(Kurikulum) Sastra 3

FILE Pdf buku Panduan Penggunaan Rekomendasi Buku Sastra sudah terlanjur menyebar ke mana-mana dan menimbulkan kontroversi di banyak kalangan. Perdebatan pemilihan buku kanon yang masuk rekomendasi semakin meluas. Ada yang mempertanyakan mengapa novel Cintaku di Kampus Biru karya Ashadi Siregar, Karmila karya Marga T, Arini Masih Ada Kereta yang Akan Lewat karya Mira W, Balada Si Roy (Gola Gong), Lupus (Hilman Hariwijaya) dll terpilih untuk jenjang SMA? Padahal nyata-nyata novel-novel tersebut bermuatan populer.
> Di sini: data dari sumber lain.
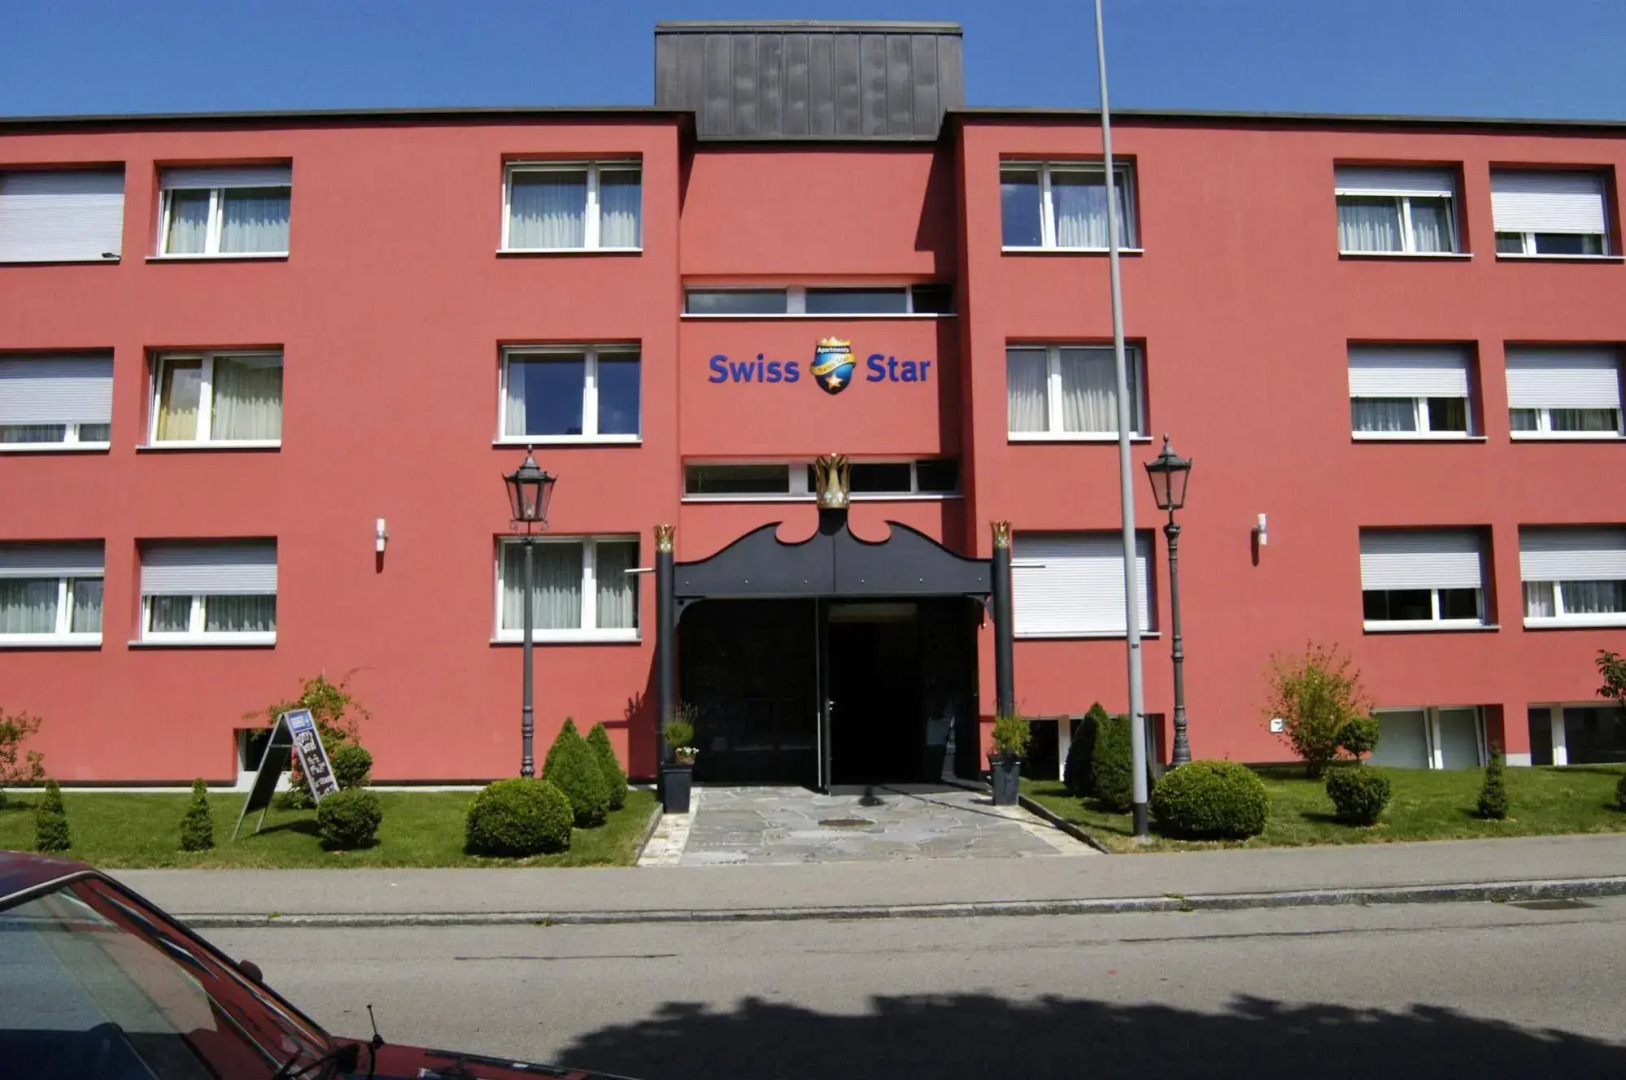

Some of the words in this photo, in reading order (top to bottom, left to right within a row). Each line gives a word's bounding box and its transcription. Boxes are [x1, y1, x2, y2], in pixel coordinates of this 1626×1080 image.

[816, 346, 850, 354] Apartments
[708, 353, 801, 383] Swiss
[866, 353, 931, 382] Star
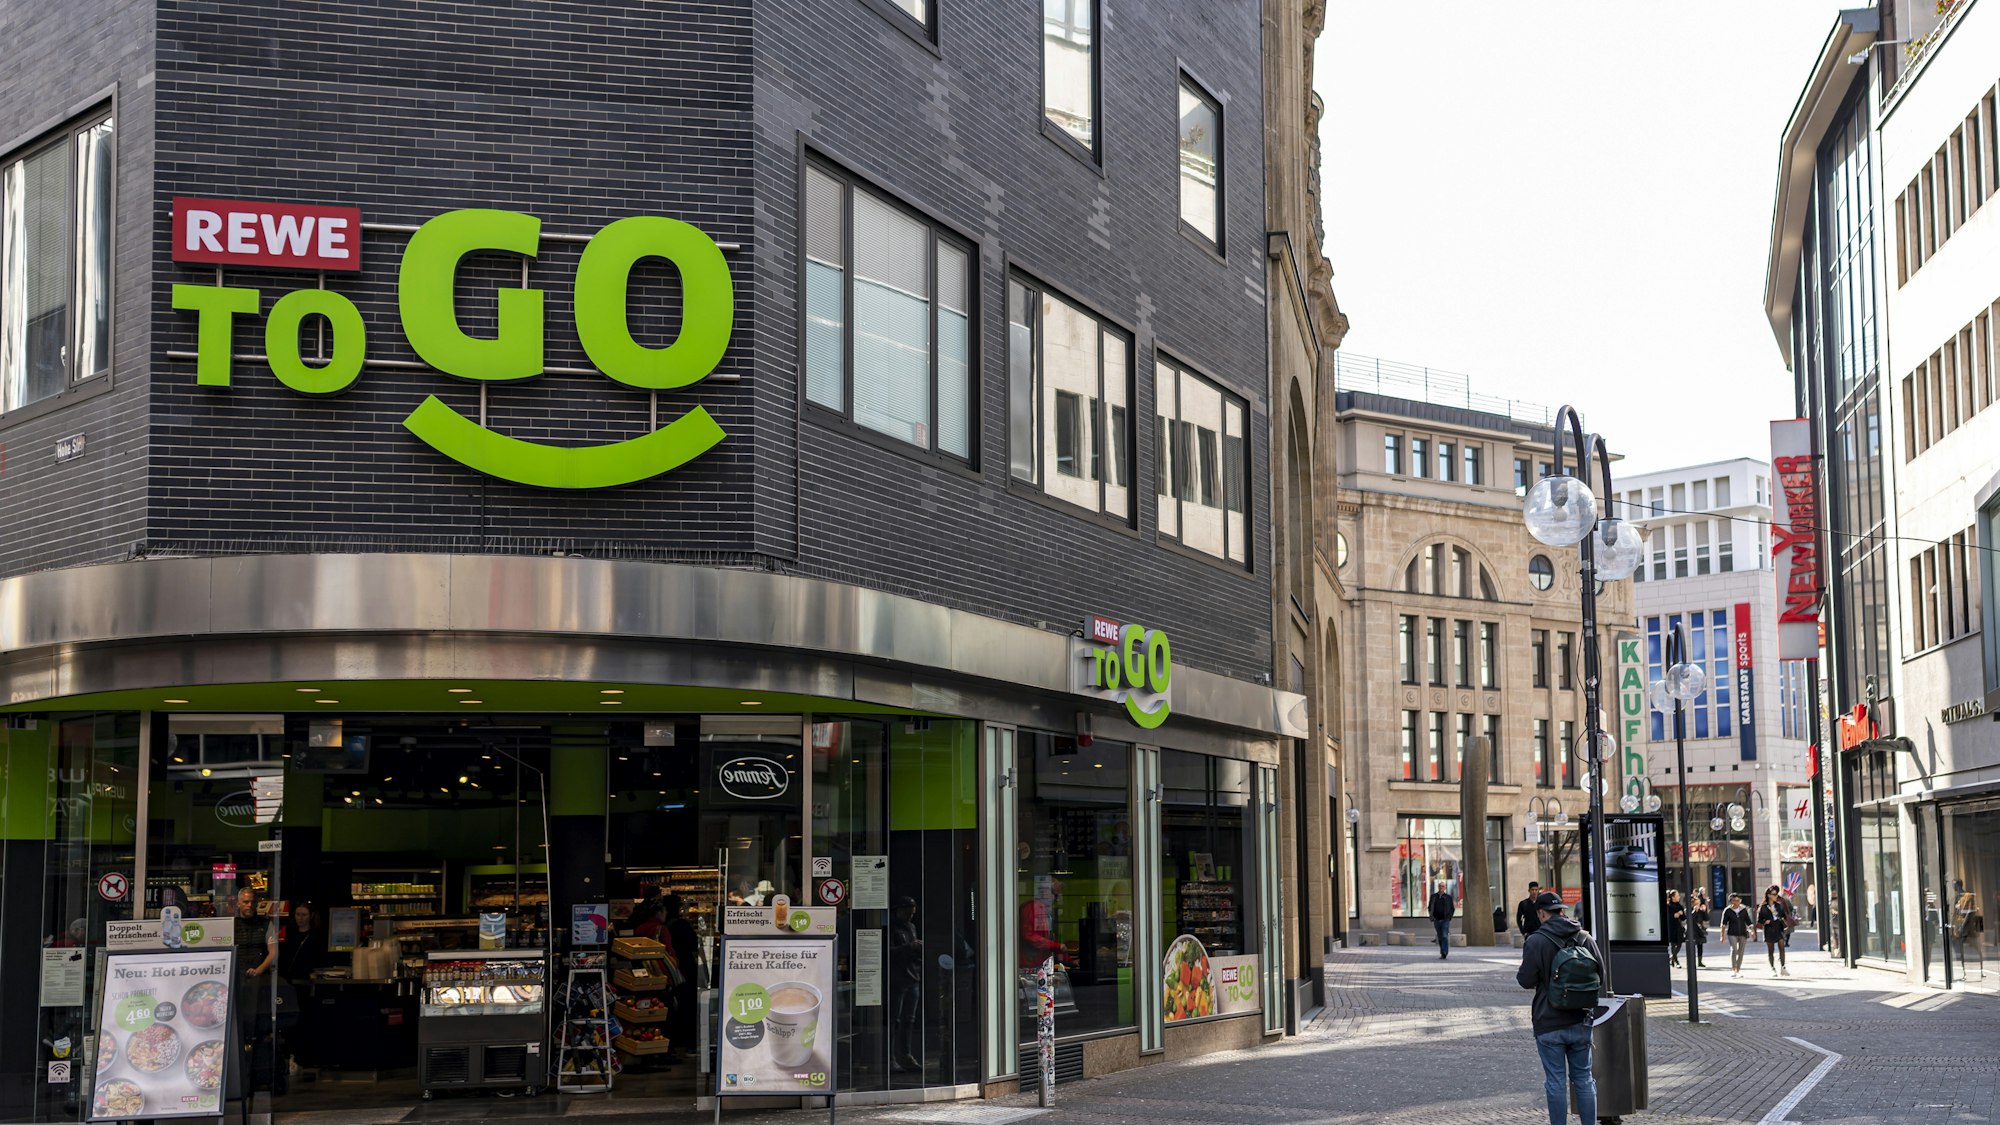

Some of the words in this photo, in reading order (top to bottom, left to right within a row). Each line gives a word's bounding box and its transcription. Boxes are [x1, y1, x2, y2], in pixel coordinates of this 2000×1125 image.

[186, 209, 349, 259] REWE
[172, 283, 366, 394] TO
[398, 208, 734, 389] GO
[1094, 619, 1119, 641] REWE
[1737, 632, 1751, 666] sports
[1092, 647, 1120, 690] TO
[1123, 623, 1171, 694] GO
[1740, 668, 1751, 725] KARSTADT
[109, 924, 142, 933] Doppelt
[109, 931, 160, 939] erfrischend.
[729, 951, 759, 959] Faire
[762, 950, 798, 959] Preise
[801, 950, 818, 959] für
[114, 969, 147, 979] Neu:
[152, 966, 176, 977] Hot
[180, 964, 226, 976] Bowls!
[728, 961, 763, 970] fairen
[765, 961, 807, 970] Kaffee.
[1222, 970, 1237, 981] REWE
[1228, 985, 1239, 1002] TO
[1239, 964, 1254, 987] GO
[810, 1072, 826, 1081] GO
Lalu apa bedanya dengan karya-karya populer lainnya seperti karya-karya Titi Said, Eddy D Iskandar, Ika Natasha, Illana Tan, JS Khairen, atau bahkan Fredy S? Karya yang direkomendasikan untuk siswa SMA semestinya bukan lagi karya populer yang saat membacanya tidak memerlukan tingkat pemahaman yang rumit karena siswa SMA sudah diajari bagaimana ilmu analisa, logika, metafora, dll.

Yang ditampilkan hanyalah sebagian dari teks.